Clinical cardiac involvement in thrombotic thrombocytopenic purpura: a systematic review

Abstract

Autopsy studies consistently demonstrate cardiac involvement in thrombotic thrombocytopenic purpura (TTP), but clinical evidence for cardiac abnormalities is rarely reported. This systematic review addresses the apparent discrepancy between autopsy and clinical data. English language articles were identified by keywords for both TTP and for cardiac symptoms, testing, or events. Patients were analyzed if they were more than 10 years old with idiopathic TTP. Thirty articles were identified that described 111 eligible patients: 20 case reports described 27 patients, 9 retrospective cohort studies described 74 patients, and 1 prospective cohort study described 10 patients. Cardiac events included infarction (26 patients), congestive failure (17), arrhythmias (10), cardiogenic shock (6), and sudden cardiac death (8). Mortality was assessed in 101 patients: 55 died, and 48 autopsies were described. All demonstrated cardiac microvascular thrombi, hemorrhage, and/or necrosis.
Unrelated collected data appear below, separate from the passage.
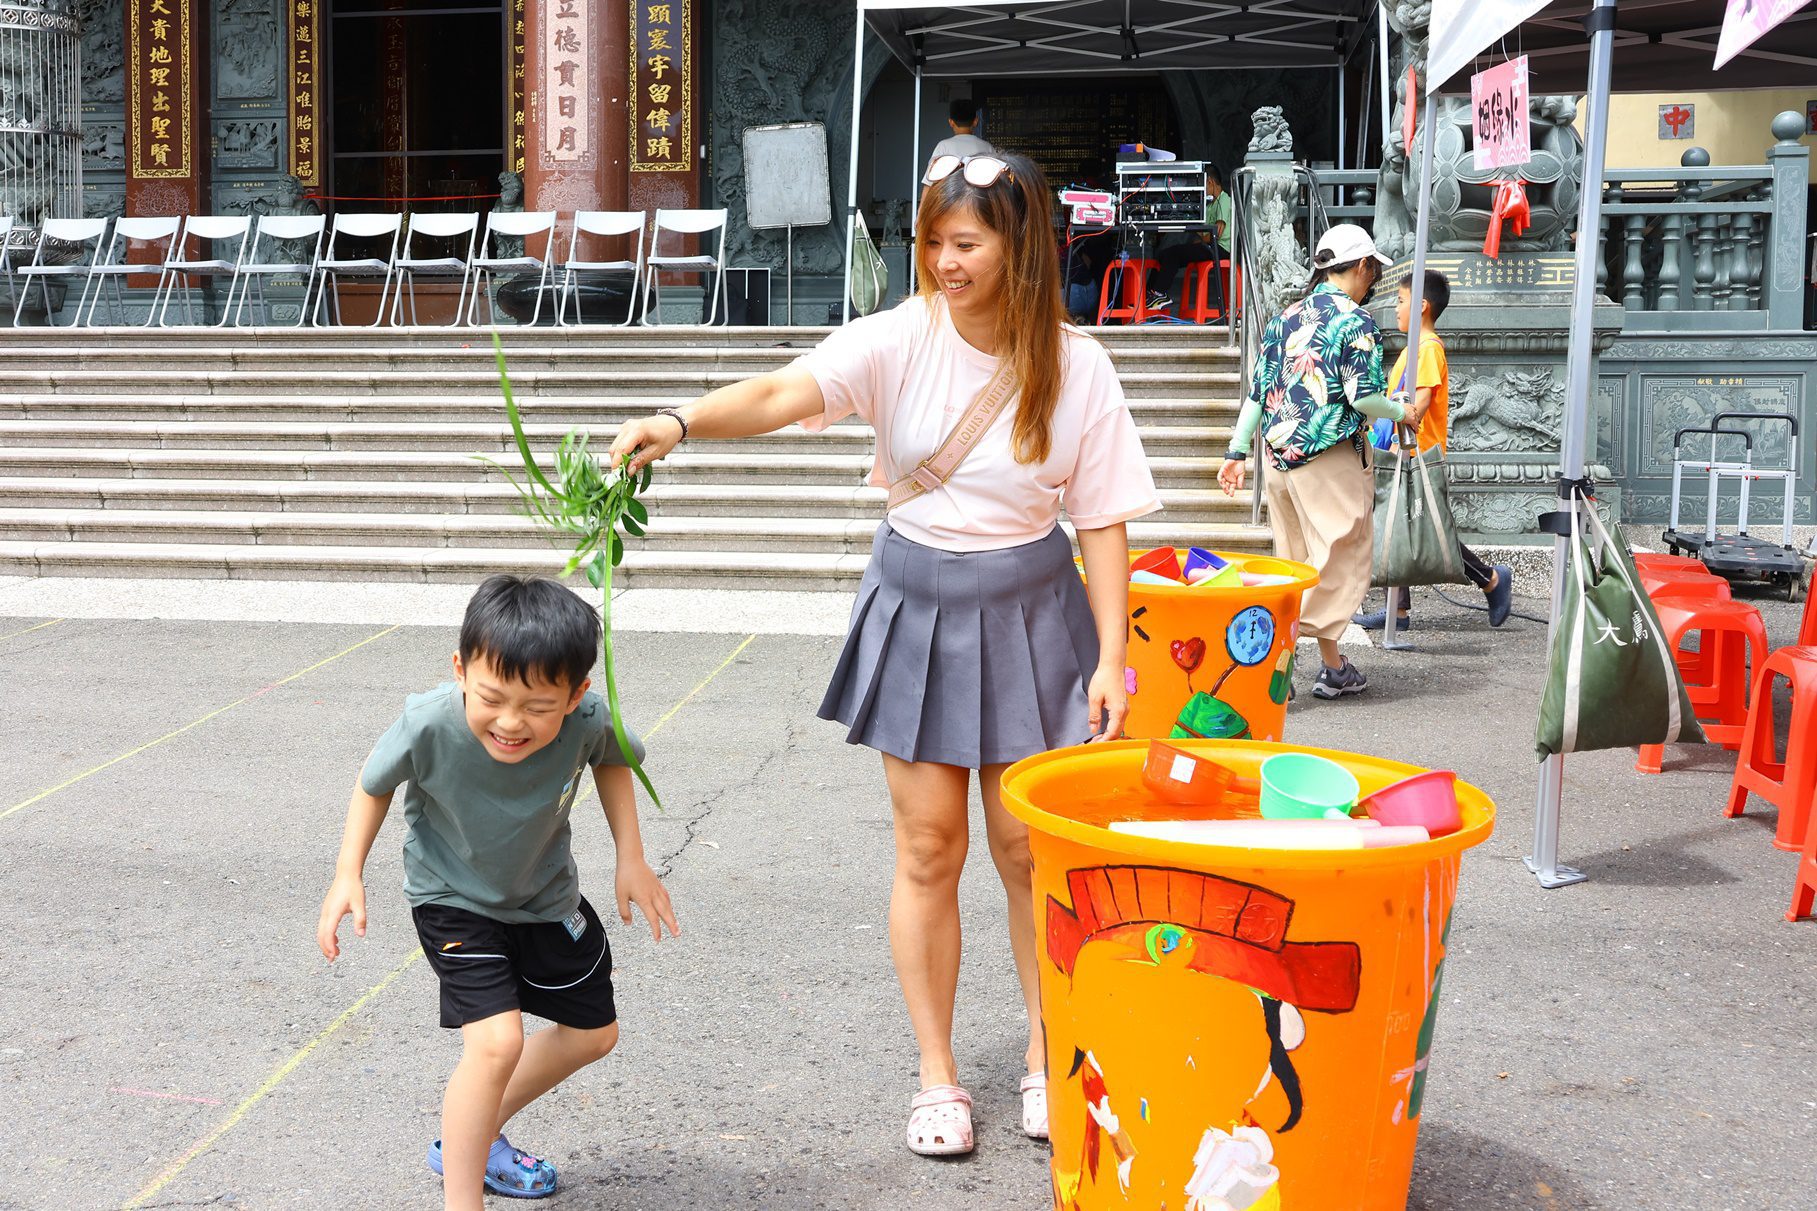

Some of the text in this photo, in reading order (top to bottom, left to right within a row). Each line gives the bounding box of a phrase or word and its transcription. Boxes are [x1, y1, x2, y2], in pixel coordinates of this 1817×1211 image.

[1479, 86, 1518, 146] 姻緣水
[1663, 105, 1691, 138] 中
[957, 415, 984, 446] LOUIS
[1248, 609, 1258, 618] 12
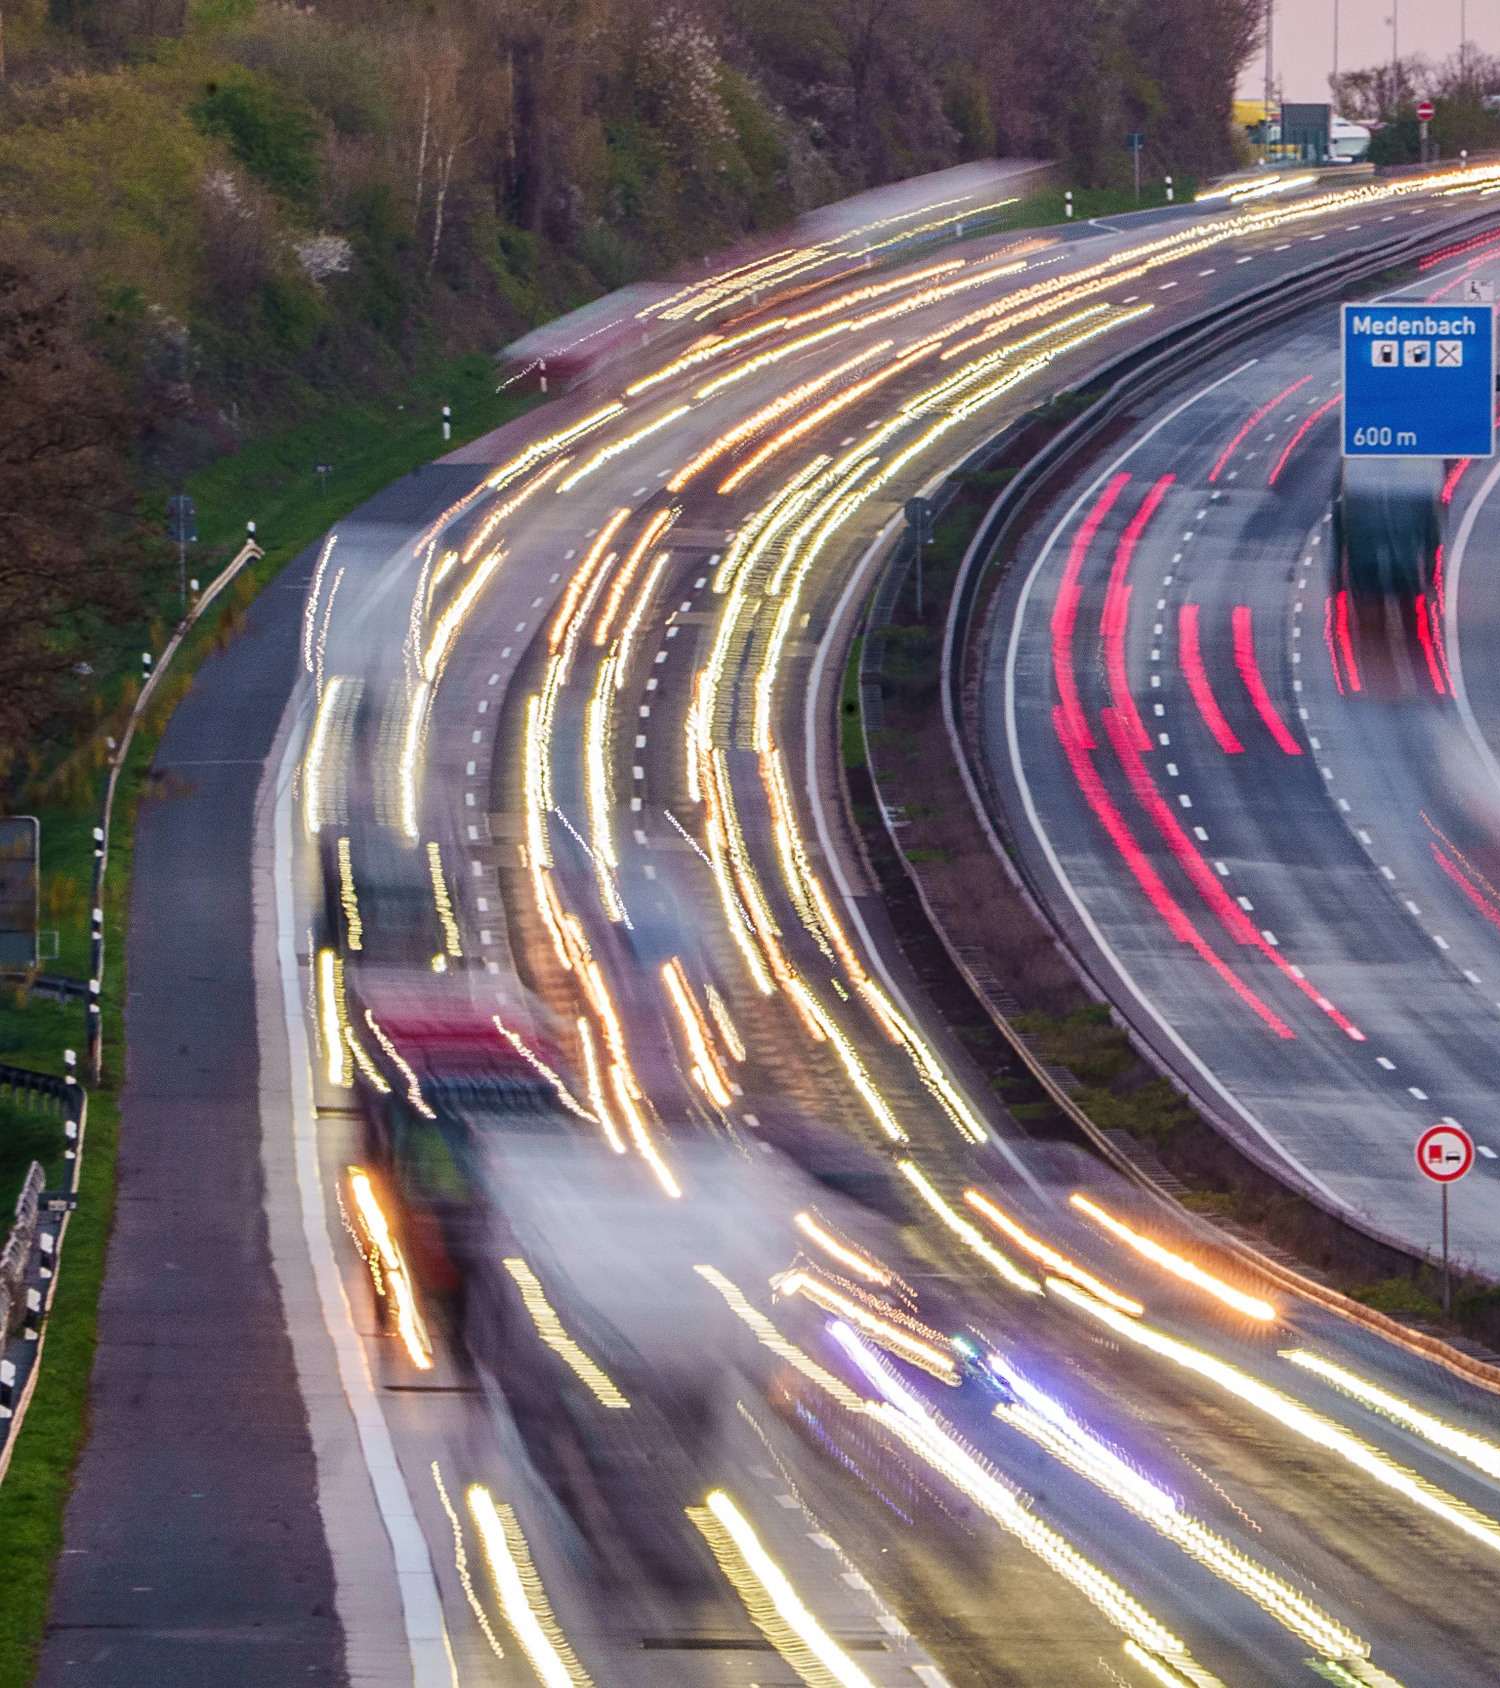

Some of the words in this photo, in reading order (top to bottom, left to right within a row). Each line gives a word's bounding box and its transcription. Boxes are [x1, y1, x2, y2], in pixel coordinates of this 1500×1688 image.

[1353, 315, 1476, 335] Medenbach
[1353, 426, 1392, 446] 600
[1397, 431, 1417, 446] m
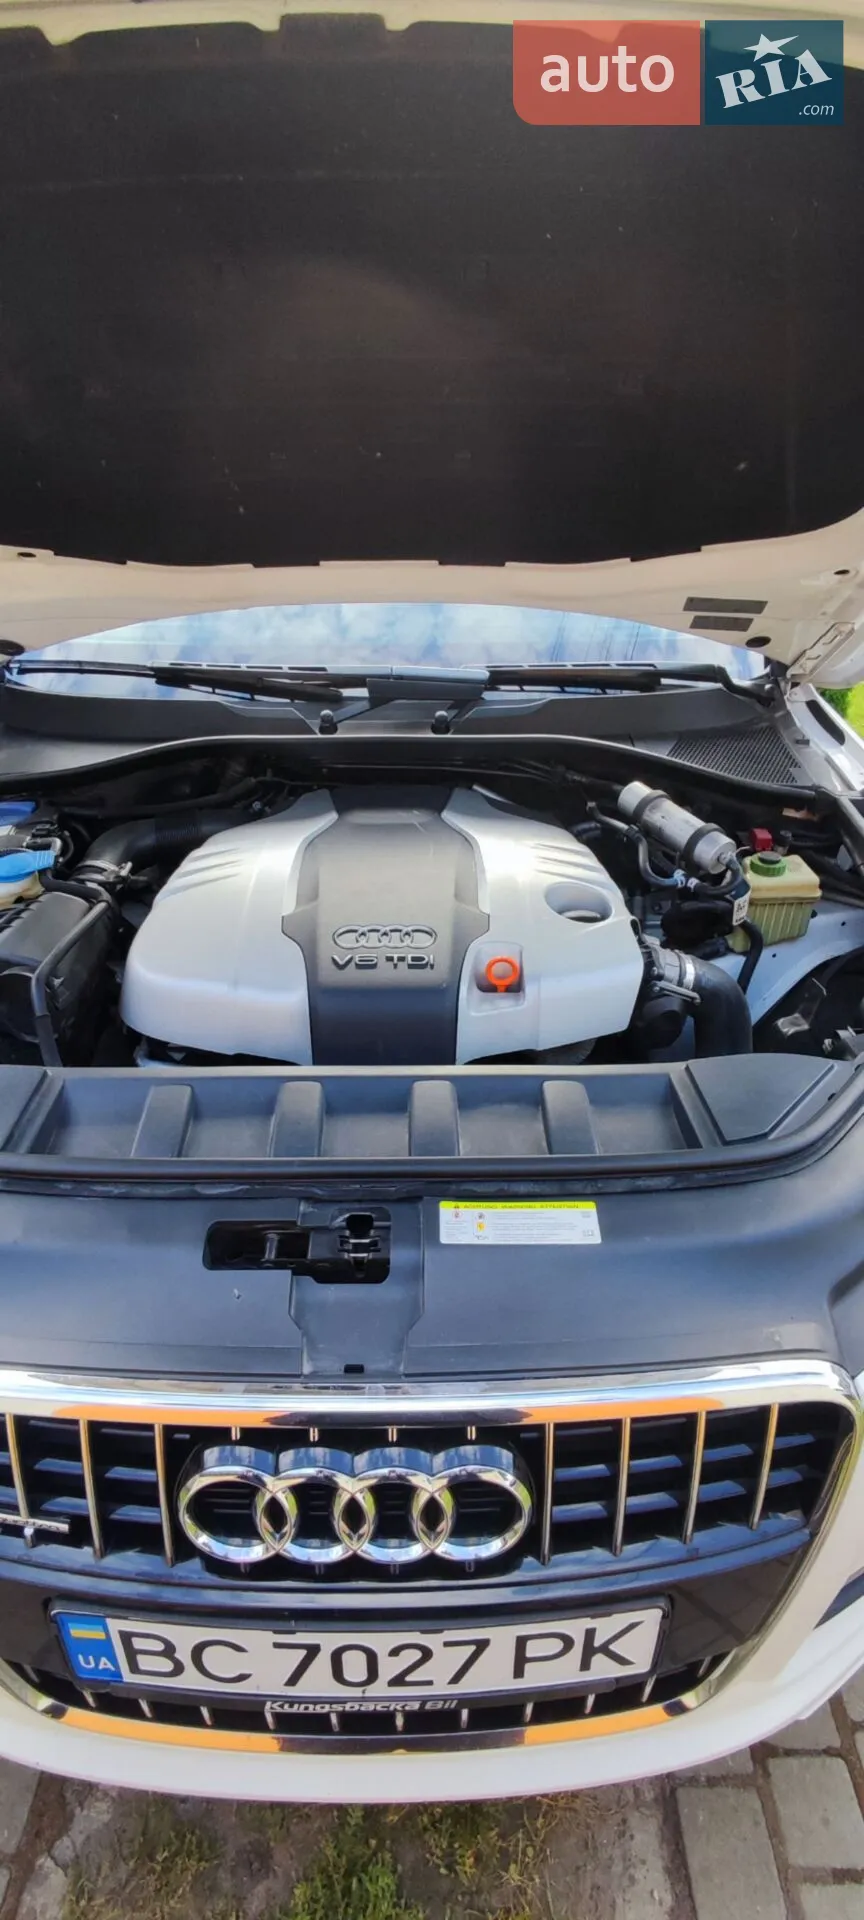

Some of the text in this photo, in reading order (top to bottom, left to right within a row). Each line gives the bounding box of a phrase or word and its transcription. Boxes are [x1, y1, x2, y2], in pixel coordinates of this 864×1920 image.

Follow-up information was reported in only 6 of the 16 patients who survived a cardiac event (follow-up duration, 10 days-2 years; median, 7 weeks). The frequency and sequelae of clinical cardiac abnormalities in TTP cannot be accurately assessed because most patients were described in reports of few selected patients; many patients were reported before the availability of effective treatment for TTP and sensitive tests for cardiac involvement. Continuing case reports and cohort studies, however, suggest that cardiac abnormalities may be important and often unrecognized causes of mortality and morbidity in patients with TTP. Prospective studies are needed to determine if cardiac therapy can improve survival and long-term outcomes of patients with TTP.